Empezaré por lo primero. Que el cerebro tenga una actividad cerebral siete segundos antes (o con cualquier antelación, ya que cualquier antelación podría valer) de que el sujeto diga ser consciente de la decisión no prueba que esa actividad cerebral equivalga a la adopción de un output único, en el sentido de predeterminado. Es una suposición, simplemente. El mismo Penrose, por cierto, plantea posibles explicaciones a esas demoras compatibles con sus teorías. En cualquier caso, aunque fuera así, ¿por qué ese output previo equivale a una respuesta única?  Insisto, yo me atengo a las definiciones del autor del artículo. ¿Por qué el que “seamos conscientes” más tarde equivaldría a una única respuesta posible? Confunde el autor la “autoconciencia” (concepto problemático, insisto) con el determinismo. Es perfectamente posible que el cerebro escoja entre alternativas posibles y que luego se tome conciencia (en el sentido de que el sujeto exprese tenerla) con posterioridad.
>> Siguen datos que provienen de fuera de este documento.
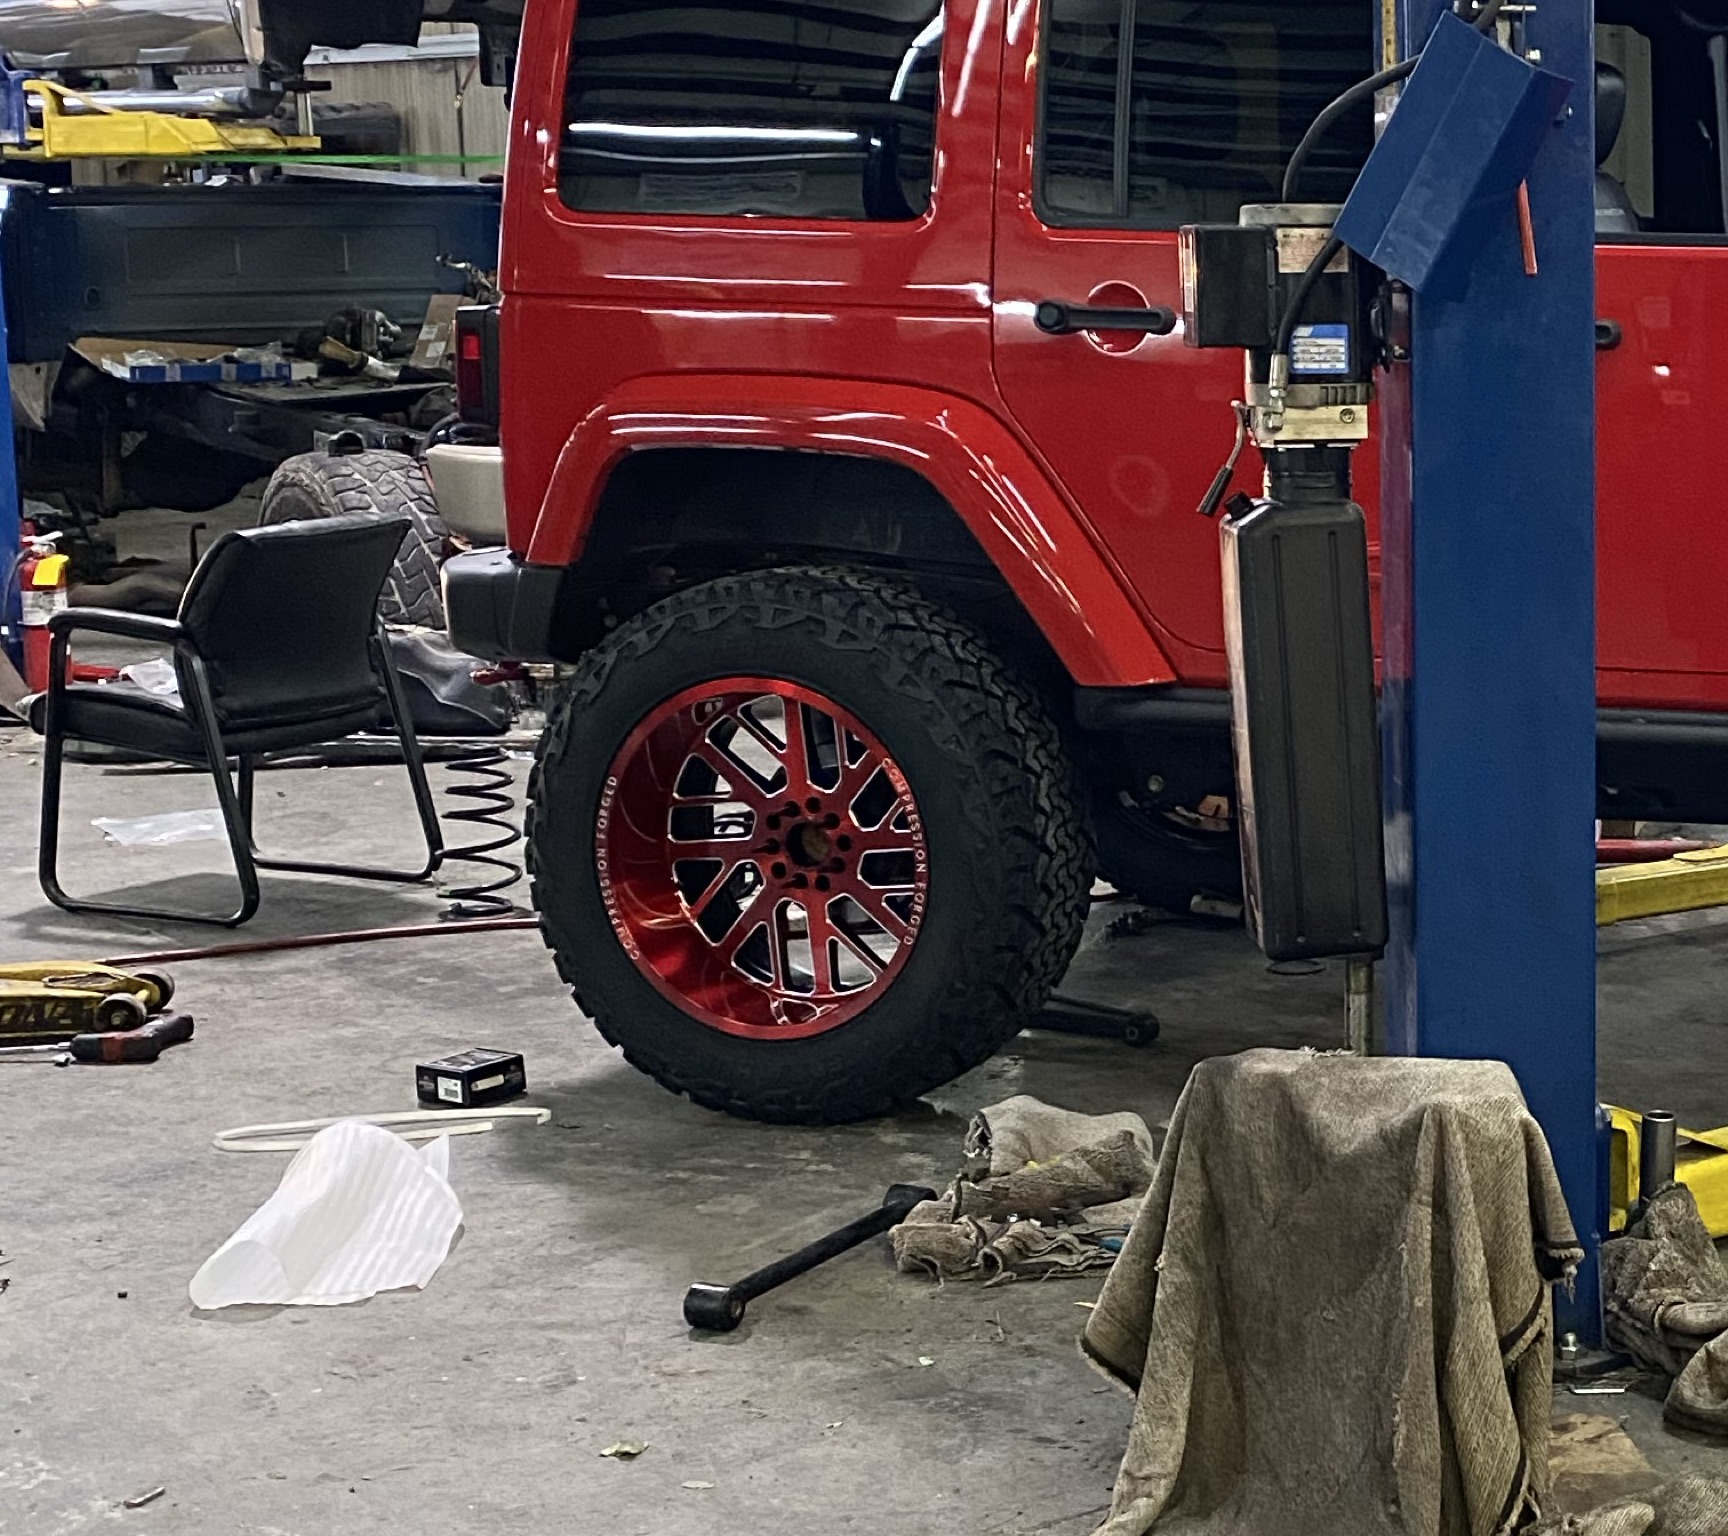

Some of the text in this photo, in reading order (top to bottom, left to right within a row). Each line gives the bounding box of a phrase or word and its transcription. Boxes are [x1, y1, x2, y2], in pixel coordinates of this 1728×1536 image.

[595, 775, 640, 960] COMPRESSION FORGED
[881, 757, 927, 946] COMPRESSION FORGED
Voy ahora a lo del “fantasma de la máquina”. Ese mito se basa en la creencia en la existencia de un yo, de una especie de instancia previa, como un alma, que escoge la conducta. Veamos. El autor pone “decide” entre comillas, para dejar claro que de decisión nada. Sin embargo, cuando dice “el sujeto sea consciente” no pone ningunas comillas. Me deja perplejo. ¿Ser consciente no es también un output? Claro que lo es. Y supongo que es un output único según el autor. Vamos, que el autor habla de dos output: primero la “decisión”, que es única, y luego la “conciencia de la decisión”, que también es única. No son el mismo output, está claro. El fantasma, en su versión tradicional es previo a la decisión. En la versión de Coyne se invierten los términos y además también se produce una reducción al absurdo. Coyne menciona un fantasma a posteriori para justificar su teoría: el sujeto consciente. Por desgracia para su teoría, ese sujeto consciente es también el propio cerebro. No hay un yo aparte, un alma a la que el cerebro le transmita una decisión ya tomada, engañándole. No hay un sujeto al que engañar salvo que se crea que el cerebro engaña a “otro”. Si evitamos la falacia, nos damos cuenta de algo sencillo: que nuestro cerebro escoja un output determinado no se ve contradicho por el hecho de que se haga presente, como producto cerebral, después. Es el mismo cerebro en ambos casos.

El autor dice:

Las «decisiones» que se toman así no son conscientes. Y si nuestras elecciones son inconscientes, con una determinada antelación a que pensemos que las hemos hecho, entonces no tenemos libre albedrío en ningún sentido significativo.

Esa distinción entre elecciones inconscientes y “pensemos que las hemos hecho” sólo supondría lo que supone el autor si creemos que existe un sujeto consciente, al margen del resto de los productos de nuestro cerebro, y que ése debería ser el lugar en el que se deberían tomar las decisiones. Ése es el fantasma. Sin embargo, si el cerebro es único, un resultado no determinista podría tener lugar en él, sin perjuicio de que el “relato” (por cierto no necesariamente fiel) del cómo y el por qué de la decisión apareciese como subproducto de esa decisión no determinista, después. Yo no digo que ésa sea la explicación. Lo que digo es que resulta muy extraño defender que la aparición de algo como la “autoconciencia” del proceso, su explicación, a posteriori, equivalga a la falsedad de ese proceso, cuando lo uno y lo otro son producto de la misma fábrica.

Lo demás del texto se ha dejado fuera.